You may want to take advantage of your drill motor and polish your bike's parts with a polishing wheel or disc. That's fine, but it is very easy to round corners and dig ditches in the surface this way, so I urge you to practice on some hard-to-see parts before you take on a clutch cover. I have used drill motors for polishing and prefer one of the woollike buffing discs instead of the traditional cloth wheel. The buffing disc is gentler and spreads the load over a greater area at any one time, making it more difficult to dig ditches in the finish.
You may find that the corrosion has penetrated into the casting far enough that polishing won't remove it. If that happens, there is little you can do. If the staining is bad, you might consider painting the part with silver case paint. Yamaha sells a silver aerosol paint that is compatible with its excellent clear overcoat. The Yamaha silver-clear combination is attractive and is the next-best finish to the original polish.
Step 4: The parts must be clean if you expect the new clear paint to stick. A freshly polished part has its surface impregnated with polishing compound and oily debris; that stuff is rather tenacious and some care is needed to ensure that it is all gone. Hot soapy water, a cloth and elbow grease seem to be the most successful combination. Use a soap like Formula 409, Fantastik or dissolved dishwasher detergent; these are powerful and won't damage the freshly polished surface. Dry the parts in the sun to get rid of all the water and to warm them slightly before you paint.
Step 5: I have searched many years for a satisfactory aerosol clear paint and have found a couple that are tough and a couple that are clear.

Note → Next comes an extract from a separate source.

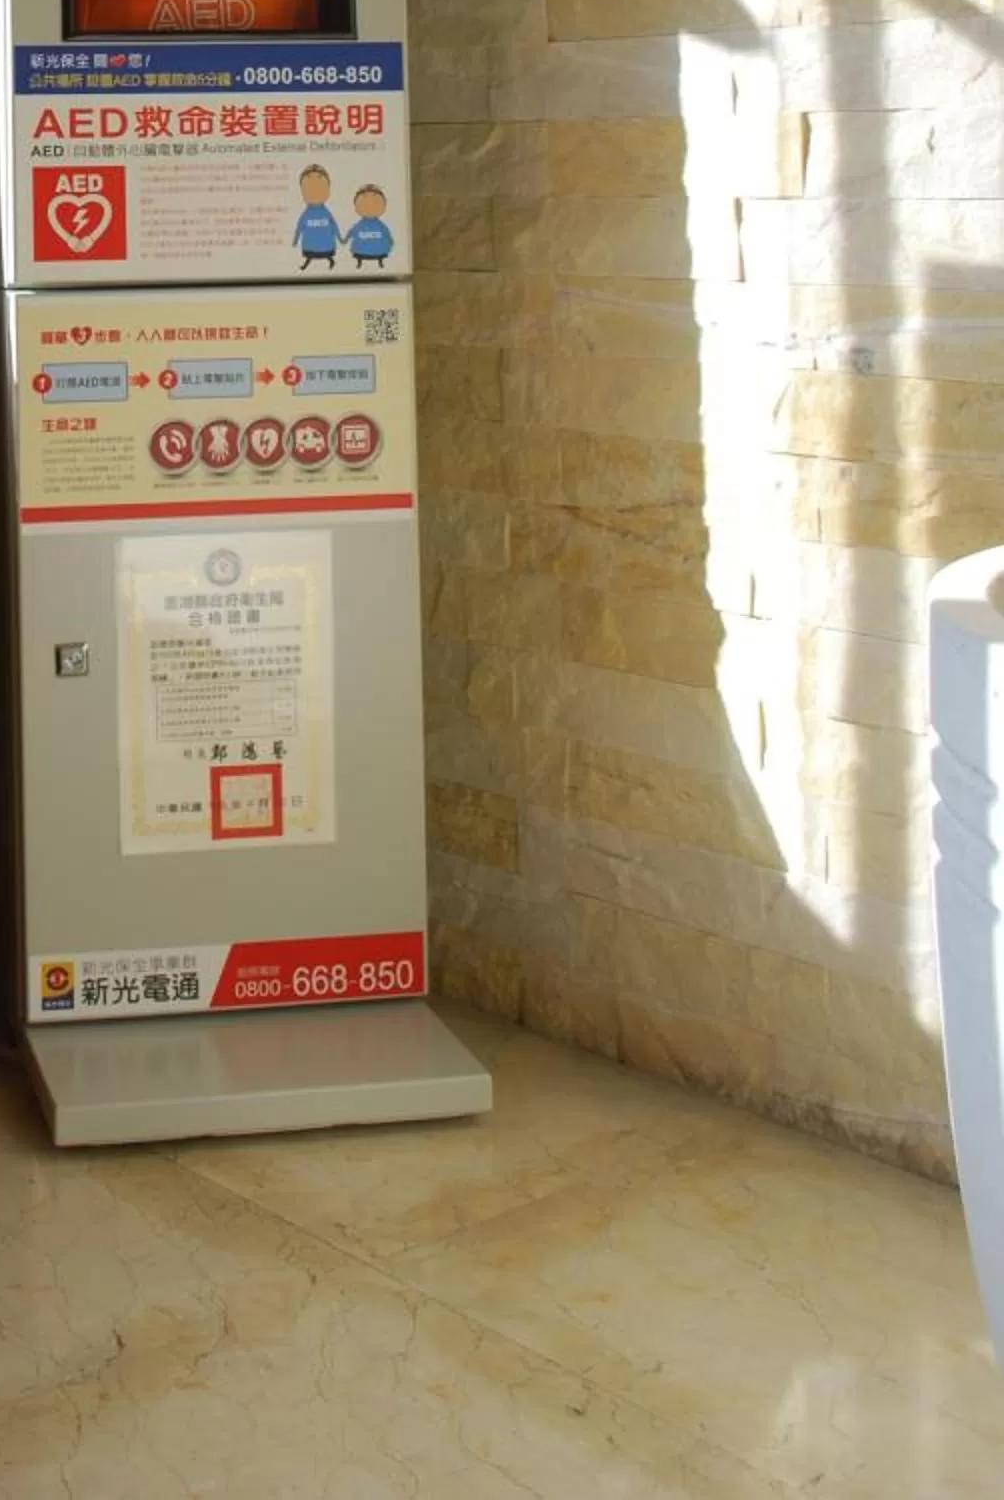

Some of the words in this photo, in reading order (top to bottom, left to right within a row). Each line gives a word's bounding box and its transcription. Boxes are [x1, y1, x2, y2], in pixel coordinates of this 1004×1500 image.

The only one I know of that is both is sold by Yamaha as Clear Top Coat (PNT-65000-04-00). Before you go out and get something from the drug store, consider that many of us have tried a number of different paints and prefer this one.

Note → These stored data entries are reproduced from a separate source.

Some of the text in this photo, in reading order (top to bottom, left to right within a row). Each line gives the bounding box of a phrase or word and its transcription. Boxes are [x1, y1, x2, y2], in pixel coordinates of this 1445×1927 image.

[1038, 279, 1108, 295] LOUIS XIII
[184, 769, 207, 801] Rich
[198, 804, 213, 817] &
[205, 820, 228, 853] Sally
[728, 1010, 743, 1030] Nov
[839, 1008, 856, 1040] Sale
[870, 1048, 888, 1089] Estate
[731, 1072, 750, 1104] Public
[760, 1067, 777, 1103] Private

Clear can be difficult to apply simply because it is hard to see as it goes on. If you can arrange a single light so it is reflected in the polished metal surface, you will be able to see the clear as you apply it and can then better control the painting. Also, there are no pigments to help hold it in place, so it tends to run easily. Practice on a part that isn't prominent. It certainly helps if you are shooting on a warm, dry day. The paint can should be somewhere near 70 degrees Fahrenheit and so should the parts.
Apply a very thin coat and let it sit for a couple of minutes. This coat will partially dry and then stick to both the metal and the next, thicker coat you lay on. If you spray with the spray head too close to the surface, the paint tends to bubble and run because it is too thick directly under the blast of the nozzle. I have found that the guys who write the instructions seem to know, and I follow their directions.
After the paint is dry enough that bugs won't stick to it, lay the parts in the sun to dry. If you have no sun, you can use an oven if you are very careful not to let the temperature get above about 200 degrees and the paint has had some time to dry first.
Cleaning up, polishing and repainting are the three basic steps. None of them is difficult; none requires years of experience. The most important part of the job is the belief that you can do it. That belief together with the knowledge gathered by other enthusiasts and presented here give you the tools needed.
Besides the satisfaction of doing something well, you will also have a much better looking bike. A good scrubbing, some touch-up and freshly polished and protected castings can make a scruffy bike into one to admire. Old paint just needs new paint.